Restate the records in full and exactly, with no images included.

━━━ Records to process

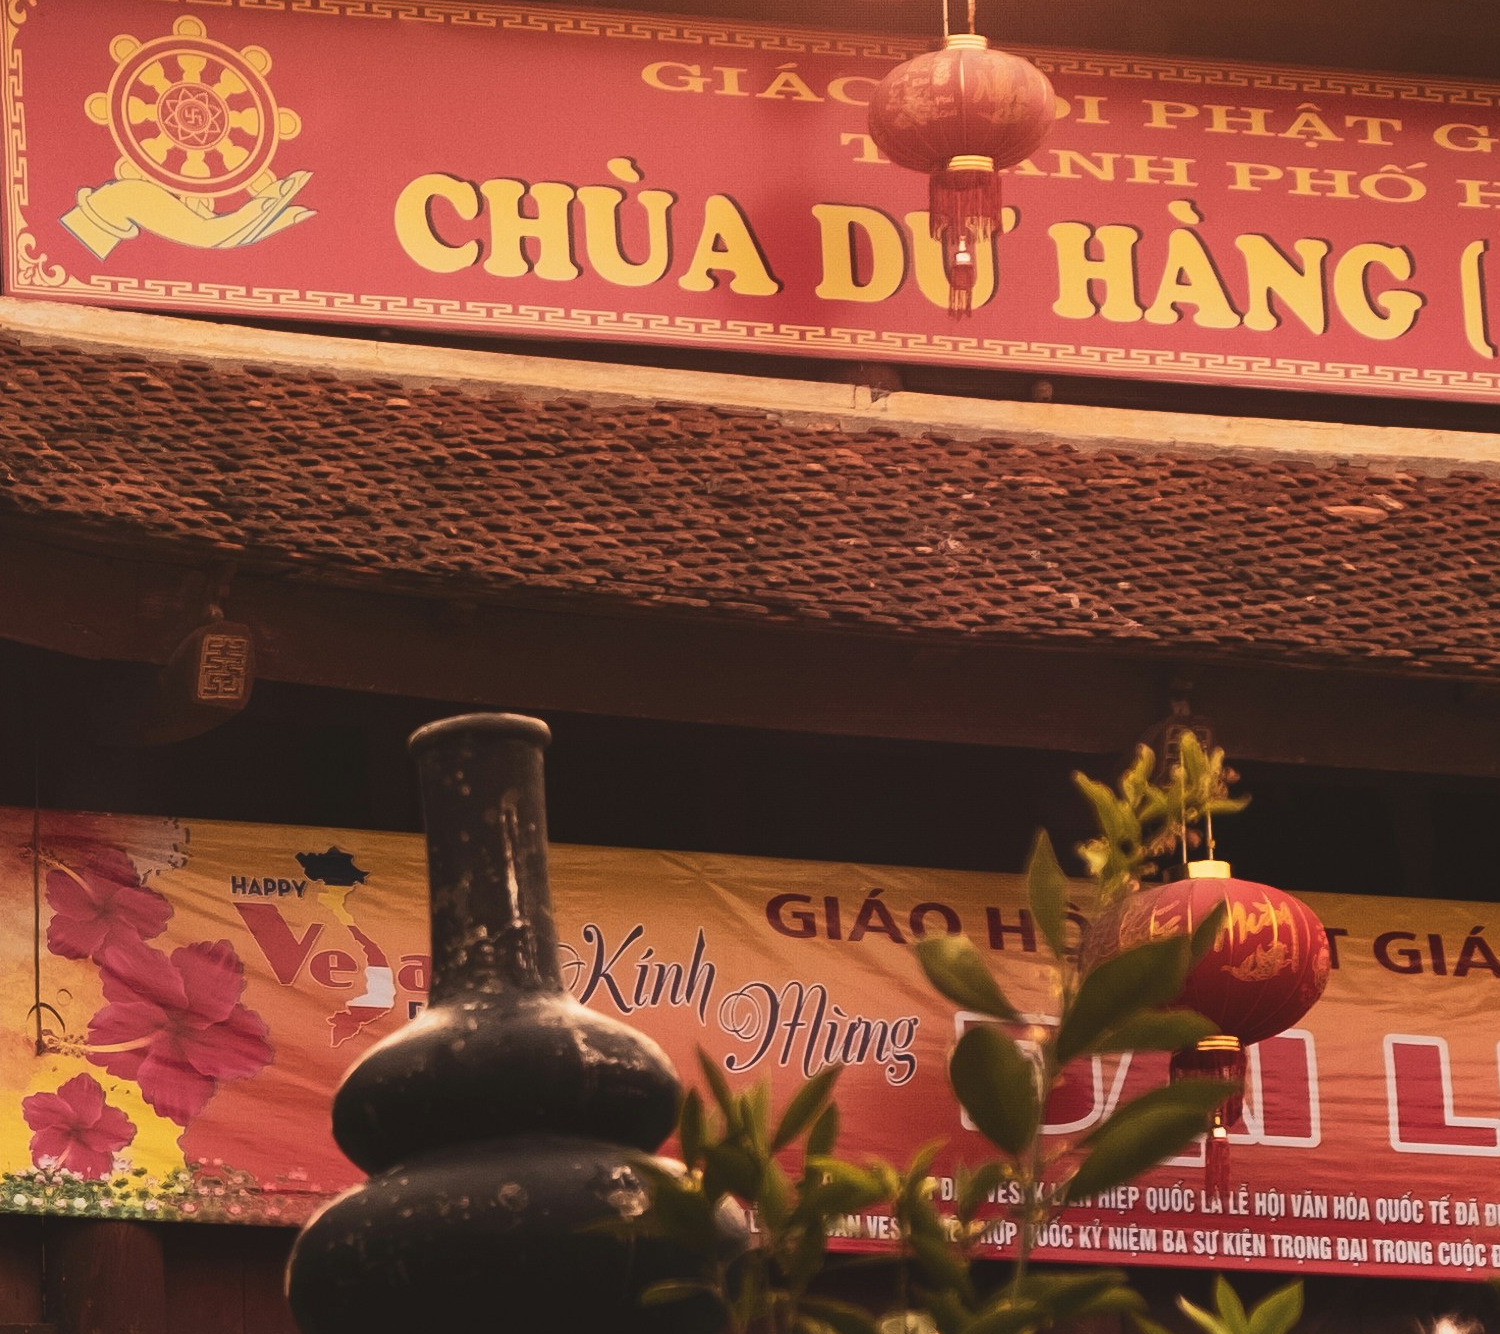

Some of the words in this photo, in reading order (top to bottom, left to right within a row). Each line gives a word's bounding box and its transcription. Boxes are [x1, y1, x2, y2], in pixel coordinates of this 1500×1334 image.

[641, 61, 882, 105] GIÁO
[1142, 99, 1402, 148] PHẬT
[840, 132, 1198, 187] TNH
[1226, 161, 1428, 203] PHỐ
[394, 157, 779, 296] CHÙA
[812, 203, 1014, 309] DƯ
[1049, 199, 1422, 341] HÀNG
[230, 874, 308, 899] HAPPY
[766, 889, 962, 944] GIÁO
[558, 923, 717, 1025] Kính
[719, 981, 919, 1087] Mừng
[1145, 1179, 1195, 1214] QUỐC
[1228, 1183, 1249, 1216] LỄ
[1255, 1187, 1285, 1222] HỘI
[1291, 1189, 1328, 1219] VĂN
[1333, 1192, 1371, 1221] HÓA
[1375, 1191, 1424, 1224] QUỐC
[1429, 1194, 1451, 1225] TẾ
[1455, 1198, 1479, 1227] ĐÃ
[1079, 1218, 1102, 1249] KỶ
[1108, 1223, 1157, 1257] NIỆM
[1162, 1230, 1188, 1254] BA
[1193, 1229, 1219, 1260] SỰ
[1223, 1227, 1266, 1262] KIỆN
[1270, 1234, 1332, 1265] TRỌNG
[1336, 1236, 1368, 1267] ĐẠI
[1372, 1239, 1433, 1266] TRONG
[1438, 1238, 1486, 1272] CUỘC

━━━━━━

**Finished task**
Some of the words in this photo, in reading order (top to bottom, left to right within a row). Each line gives a word's bounding box and its transcription. Boxes are [x1, y1, x2, y2], in pixel coordinates of this 1500×1334 image.

[641, 61, 882, 105] GIÁO
[1142, 99, 1402, 148] PHẬT
[840, 132, 1198, 187] TNH
[1226, 161, 1428, 203] PHỐ
[394, 157, 779, 296] CHÙA
[812, 203, 1014, 309] DƯ
[1049, 199, 1422, 341] HÀNG
[230, 874, 308, 899] HAPPY
[766, 889, 962, 944] GIÁO
[558, 923, 717, 1025] Kính
[719, 981, 919, 1087] Mừng
[1145, 1179, 1195, 1214] QUỐC
[1228, 1183, 1249, 1216] LỄ
[1255, 1187, 1285, 1222] HỘI
[1291, 1189, 1328, 1219] VĂN
[1333, 1192, 1371, 1221] HÓA
[1375, 1191, 1424, 1224] QUỐC
[1429, 1194, 1451, 1225] TẾ
[1455, 1198, 1479, 1227] ĐÃ
[1079, 1218, 1102, 1249] KỶ
[1108, 1223, 1157, 1257] NIỆM
[1162, 1230, 1188, 1254] BA
[1193, 1229, 1219, 1260] SỰ
[1223, 1227, 1266, 1262] KIỆN
[1270, 1234, 1332, 1265] TRỌNG
[1336, 1236, 1368, 1267] ĐẠI
[1372, 1239, 1433, 1266] TRONG
[1438, 1238, 1486, 1272] CUỘC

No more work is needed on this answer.